▶ _WORK REQUEST_: Exact copy, no pictures: restate each entry below word for word.
=== TASK MATERIAL ===
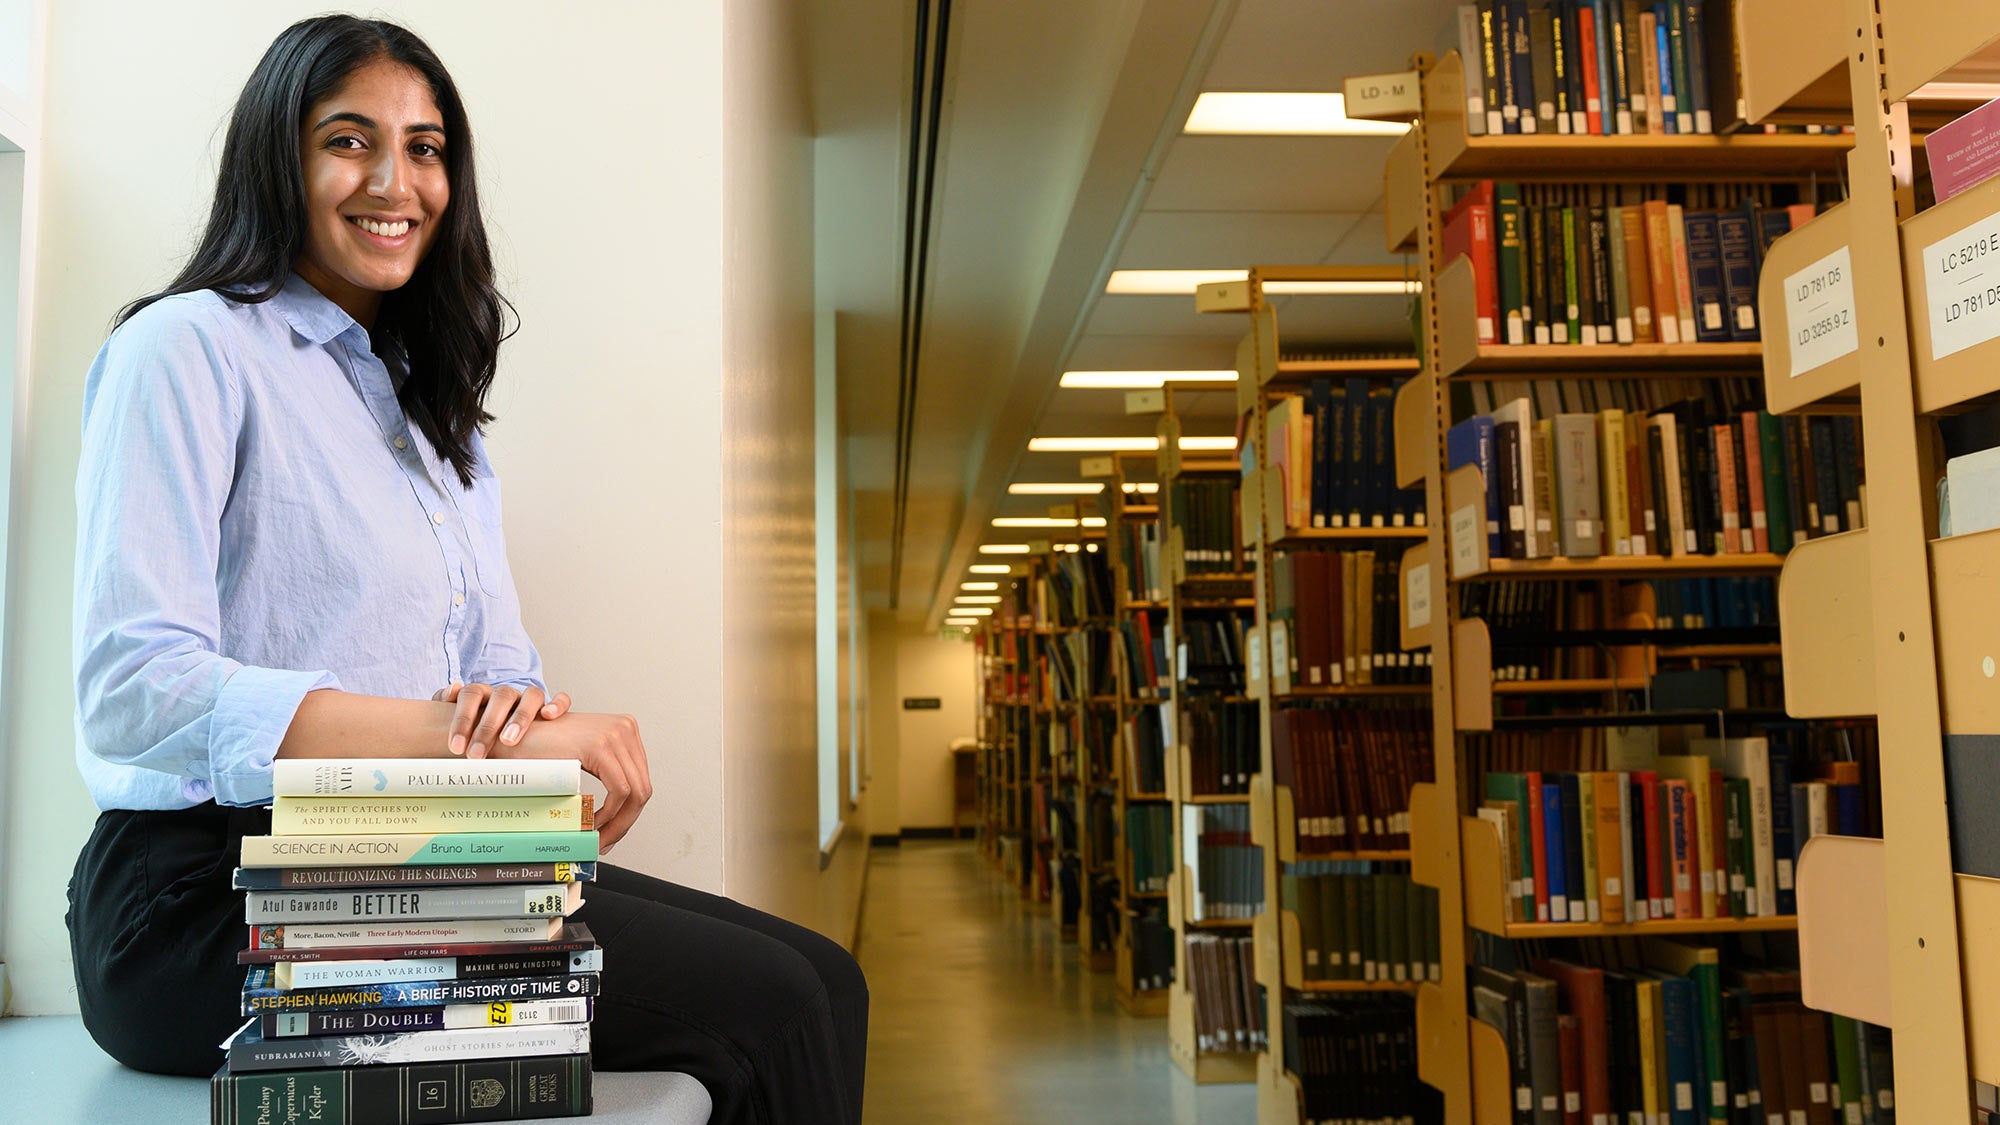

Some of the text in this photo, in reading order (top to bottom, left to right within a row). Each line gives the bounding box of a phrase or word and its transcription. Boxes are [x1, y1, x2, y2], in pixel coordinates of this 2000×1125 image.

[1360, 86, 1380, 99] LD
[1392, 85, 1405, 96] M
[1942, 233, 1999, 273] LC 5219 E
[1797, 267, 1841, 302] LD 781 D5
[1945, 303, 1961, 323] LD
[1963, 294, 1984, 316] 781
[1798, 310, 1849, 346] LD 3255.9 Z
[340, 766, 352, 793] AIR
[408, 774, 526, 786] PAUL KALANITHI
[312, 805, 348, 813] SPIRIT
[352, 805, 401, 813] CATCHES
[405, 805, 427, 813] YOU
[440, 810, 530, 819] ANNE FADIMAN
[328, 817, 351, 825] YOU
[355, 817, 381, 825] FALL
[386, 817, 418, 825] DOWN
[272, 842, 399, 854] SCIENCE IN ACTION
[431, 842, 571, 854] Bruno Latour HARVARD
[292, 867, 477, 884] REVOLUTIONIZING THE SCIENCES
[496, 867, 543, 879] Peter Dear
[262, 898, 338, 912] Atul Gawande
[352, 893, 420, 915] BETTER
[529, 902, 536, 912] RC
[294, 932, 313, 940] More,
[367, 928, 458, 938] Three Early Modern Utopias
[269, 953, 290, 961] TRACY
[304, 966, 444, 980] THE WOMAN WARRIOR
[465, 960, 561, 972] MAXINE HONG KINGSTON
[397, 981, 561, 1002] A BRIEF HISTORY OF TIME
[251, 991, 383, 1010] STEPHEN HAWKING
[491, 1001, 507, 1024] ED
[518, 1011, 538, 1020] 3113
[318, 1014, 355, 1030] THE
[363, 1013, 433, 1028] DOUBLE
[424, 1044, 457, 1052] GHOST
[461, 1042, 501, 1050] STORIES
[518, 1039, 556, 1048] DARWIN
[255, 1050, 331, 1061] SUBRAMANIAM
[426, 1087, 439, 1101] 16
[539, 1075, 548, 1102] GREAT
[549, 1073, 557, 1102] BOOKS
[257, 1086, 275, 1125] Ptolemy
[308, 1085, 327, 1120] Kepler
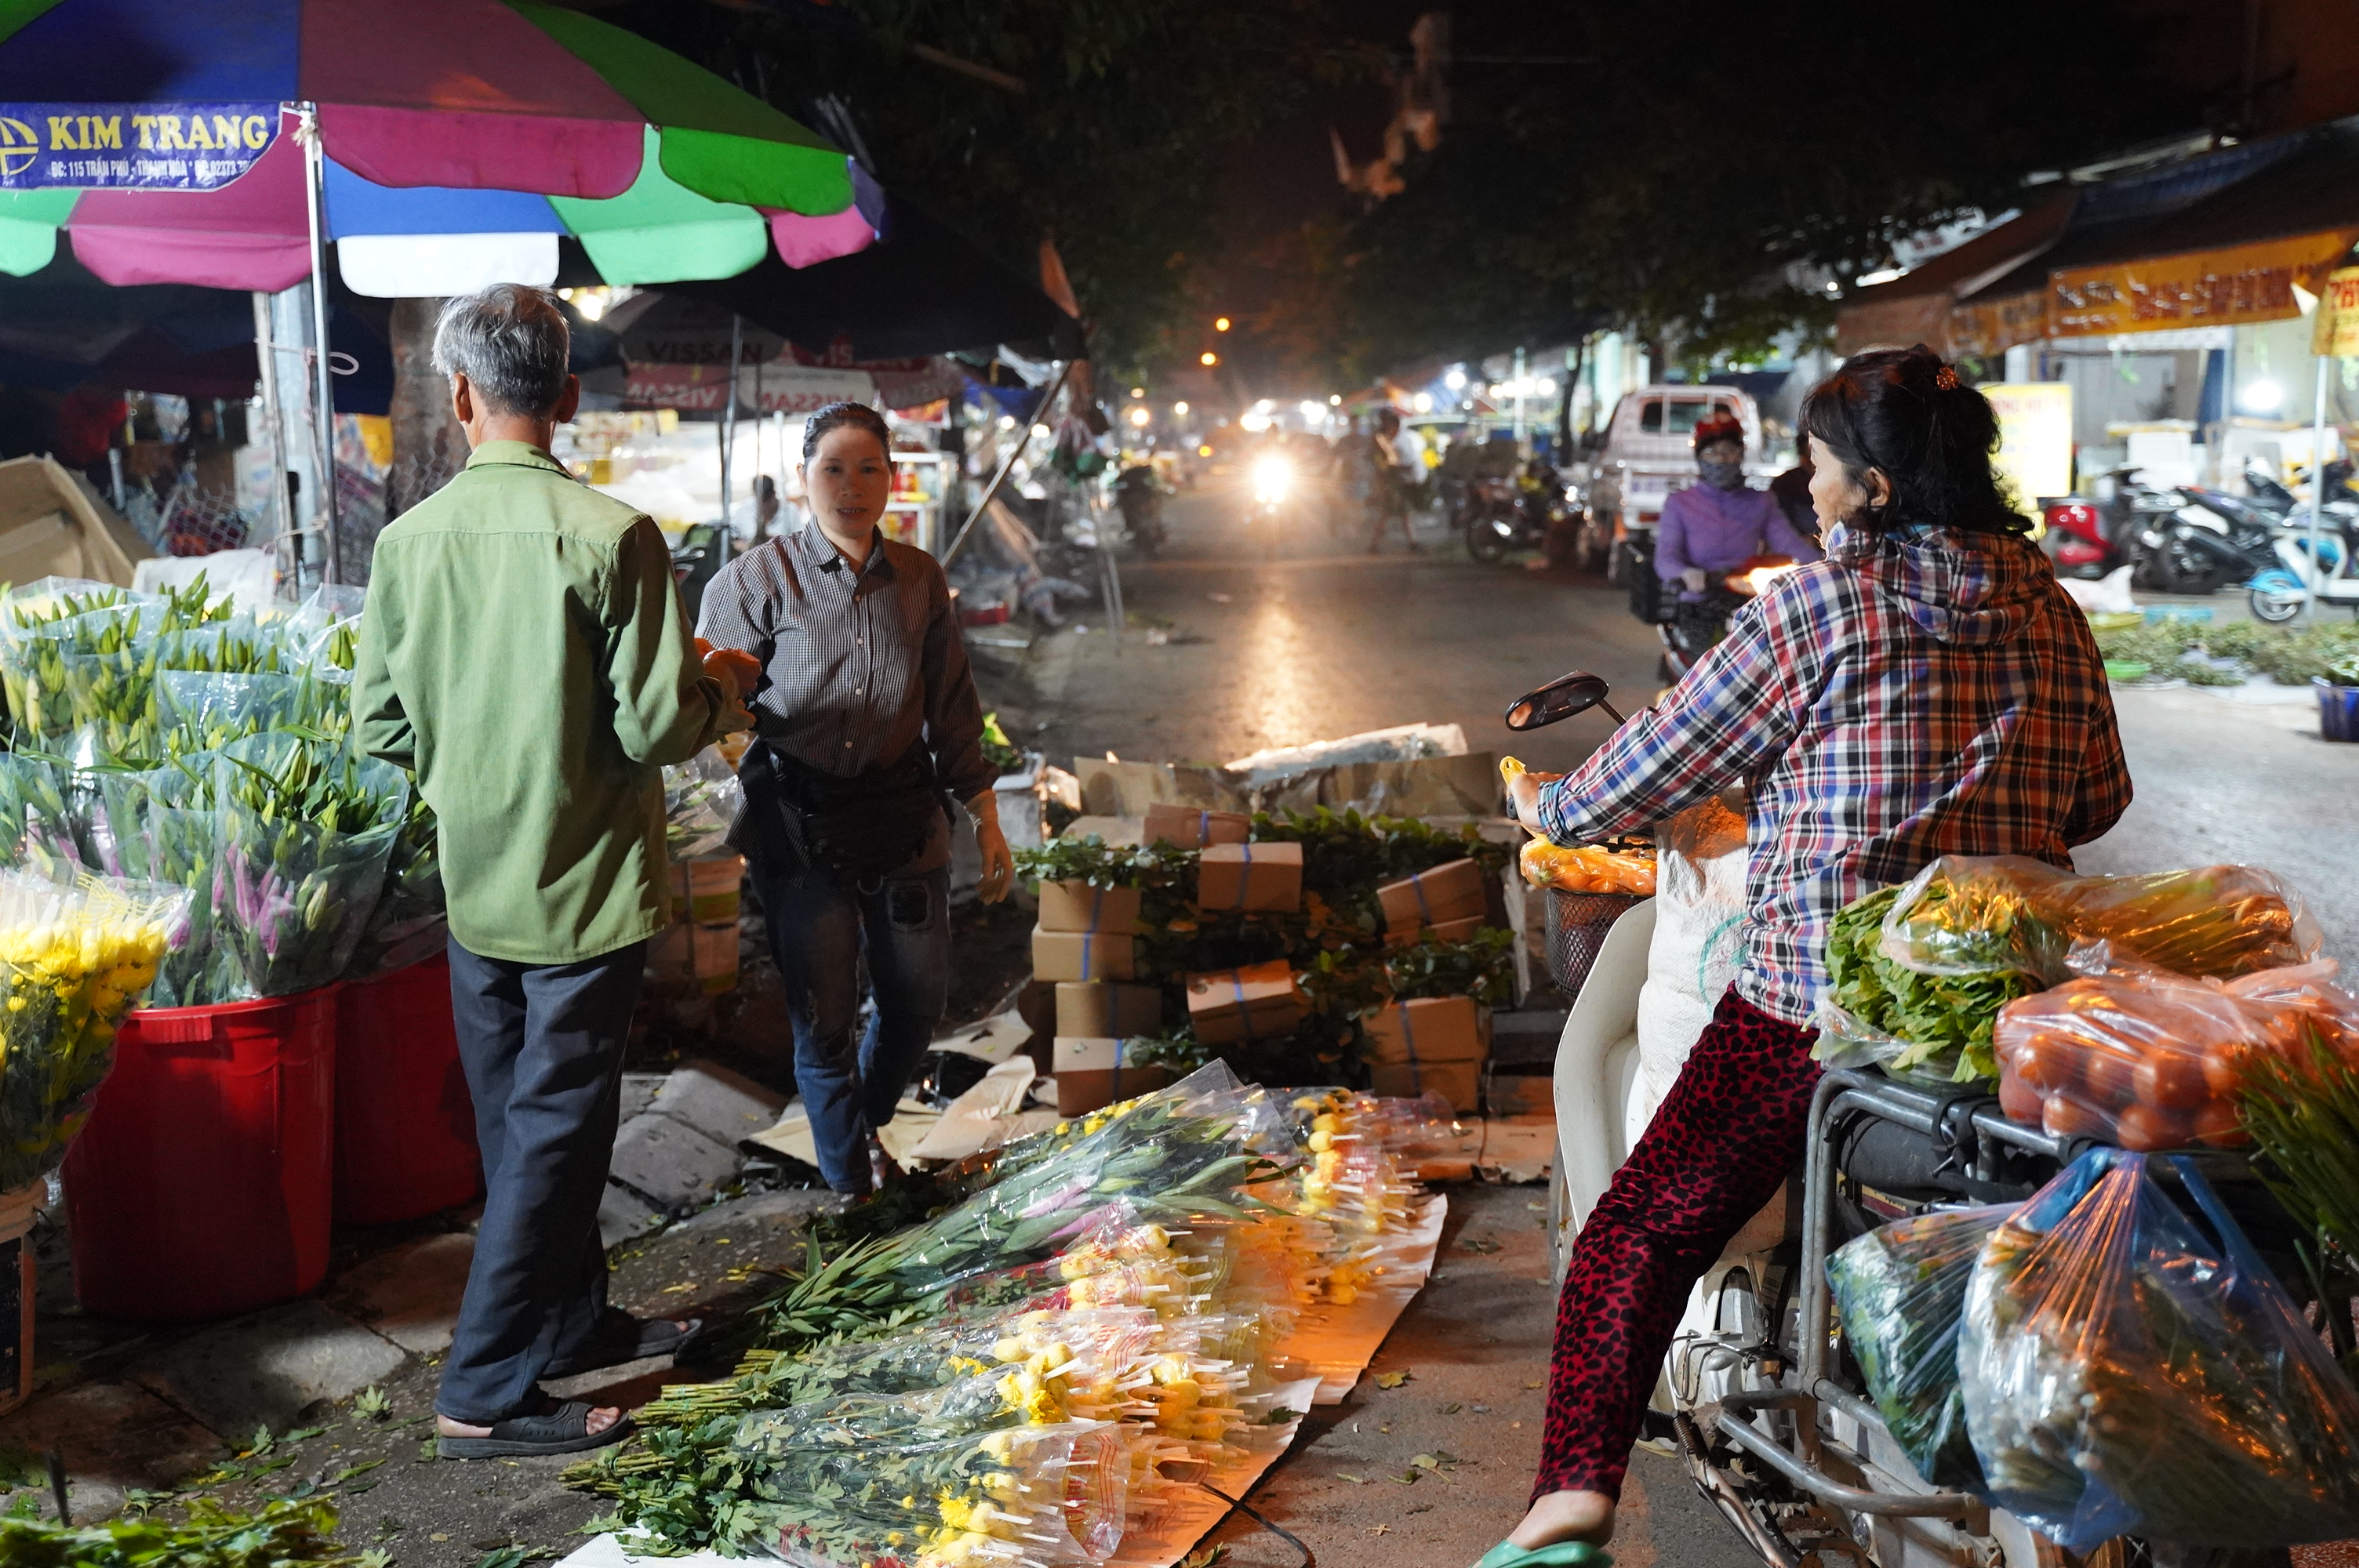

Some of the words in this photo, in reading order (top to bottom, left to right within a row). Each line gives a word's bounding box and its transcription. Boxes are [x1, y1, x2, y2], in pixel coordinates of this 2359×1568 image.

[48, 115, 123, 151] KIM
[132, 114, 269, 150] TRANG
[68, 161, 85, 177] 115
[110, 156, 129, 176] PHÚ
[646, 340, 762, 364] VISSAN
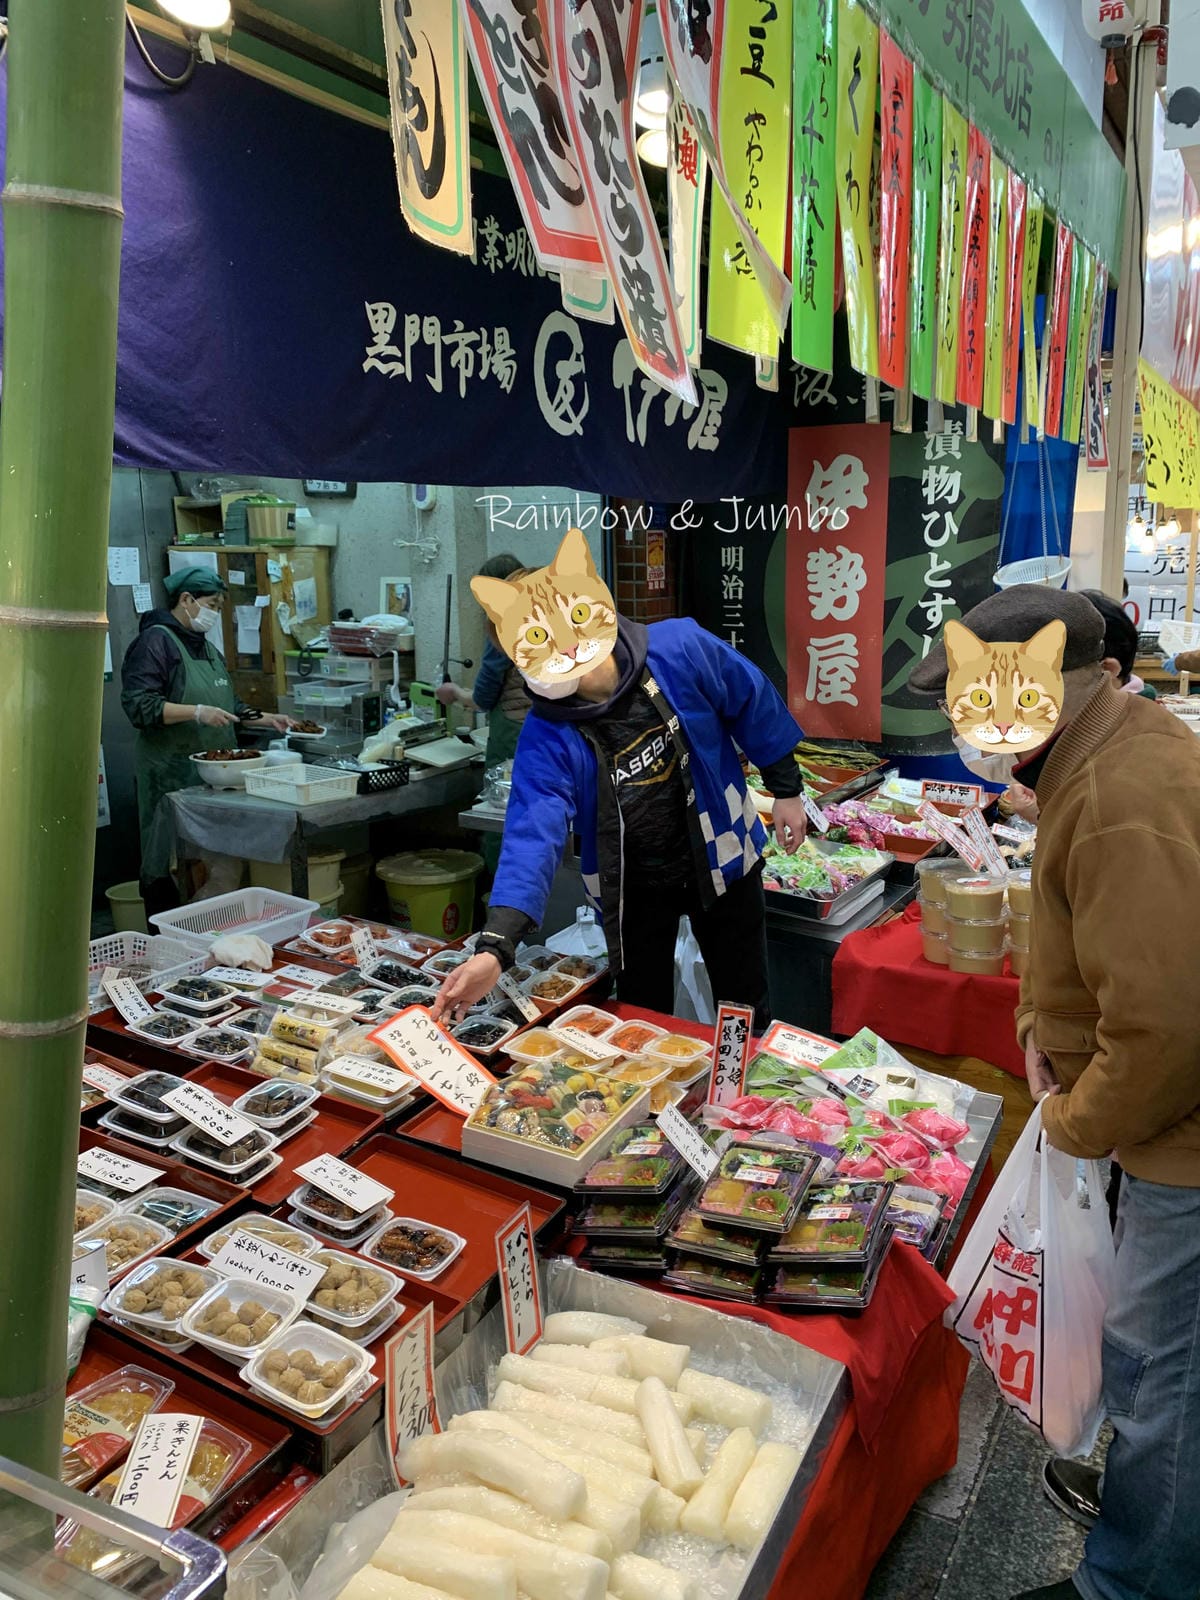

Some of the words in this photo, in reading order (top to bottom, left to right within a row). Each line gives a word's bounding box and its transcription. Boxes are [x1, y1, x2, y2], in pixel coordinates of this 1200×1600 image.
===
▶ _ANSWER BOX_:
Some of the text in this photo, in reading order (top to bottom, left to right within a row). Each line gives the bounding box of a phrase or word and its transcription. Boxes are [x1, y1, x2, y2], in pixel coordinates of this 2000×1125 image.

[1360, 86, 1380, 99] LD
[1392, 85, 1405, 96] M
[1942, 233, 1999, 273] LC 5219 E
[1797, 267, 1841, 302] LD 781 D5
[1945, 303, 1961, 323] LD
[1963, 294, 1984, 316] 781
[1798, 310, 1849, 346] LD 3255.9 Z
[340, 766, 352, 793] AIR
[408, 774, 526, 786] PAUL KALANITHI
[312, 805, 348, 813] SPIRIT
[352, 805, 401, 813] CATCHES
[405, 805, 427, 813] YOU
[440, 810, 530, 819] ANNE FADIMAN
[328, 817, 351, 825] YOU
[355, 817, 381, 825] FALL
[386, 817, 418, 825] DOWN
[272, 842, 399, 854] SCIENCE IN ACTION
[431, 842, 571, 854] Bruno Latour HARVARD
[292, 867, 477, 884] REVOLUTIONIZING THE SCIENCES
[496, 867, 543, 879] Peter Dear
[262, 898, 338, 912] Atul Gawande
[352, 893, 420, 915] BETTER
[529, 902, 536, 912] RC
[294, 932, 313, 940] More,
[367, 928, 458, 938] Three Early Modern Utopias
[269, 953, 290, 961] TRACY
[304, 966, 444, 980] THE WOMAN WARRIOR
[465, 960, 561, 972] MAXINE HONG KINGSTON
[397, 981, 561, 1002] A BRIEF HISTORY OF TIME
[251, 991, 383, 1010] STEPHEN HAWKING
[491, 1001, 507, 1024] ED
[518, 1011, 538, 1020] 3113
[318, 1014, 355, 1030] THE
[363, 1013, 433, 1028] DOUBLE
[424, 1044, 457, 1052] GHOST
[461, 1042, 501, 1050] STORIES
[518, 1039, 556, 1048] DARWIN
[255, 1050, 331, 1061] SUBRAMANIAM
[426, 1087, 439, 1101] 16
[539, 1075, 548, 1102] GREAT
[549, 1073, 557, 1102] BOOKS
[257, 1086, 275, 1125] Ptolemy
[308, 1085, 327, 1120] Kepler

Some of the words in this photo, in reading order (top to bottom, left to right within a row). Each line gives a word's bounding box and its transcription. Boxes are [x1, y1, x2, y2], in pixel coordinates of this 2359×1568 image.

[48, 115, 123, 151] KIM
[132, 114, 269, 150] TRANG
[68, 161, 85, 177] 115
[110, 156, 129, 176] PHÚ
[646, 340, 762, 364] VISSAN

Some of the words in this photo, in reading order (top to bottom, left to right within a row). Each line gives a word's bounding box and its transcription. Boxes are [x1, y1, x2, y2], in pixel coordinates of this 1200×1600 image.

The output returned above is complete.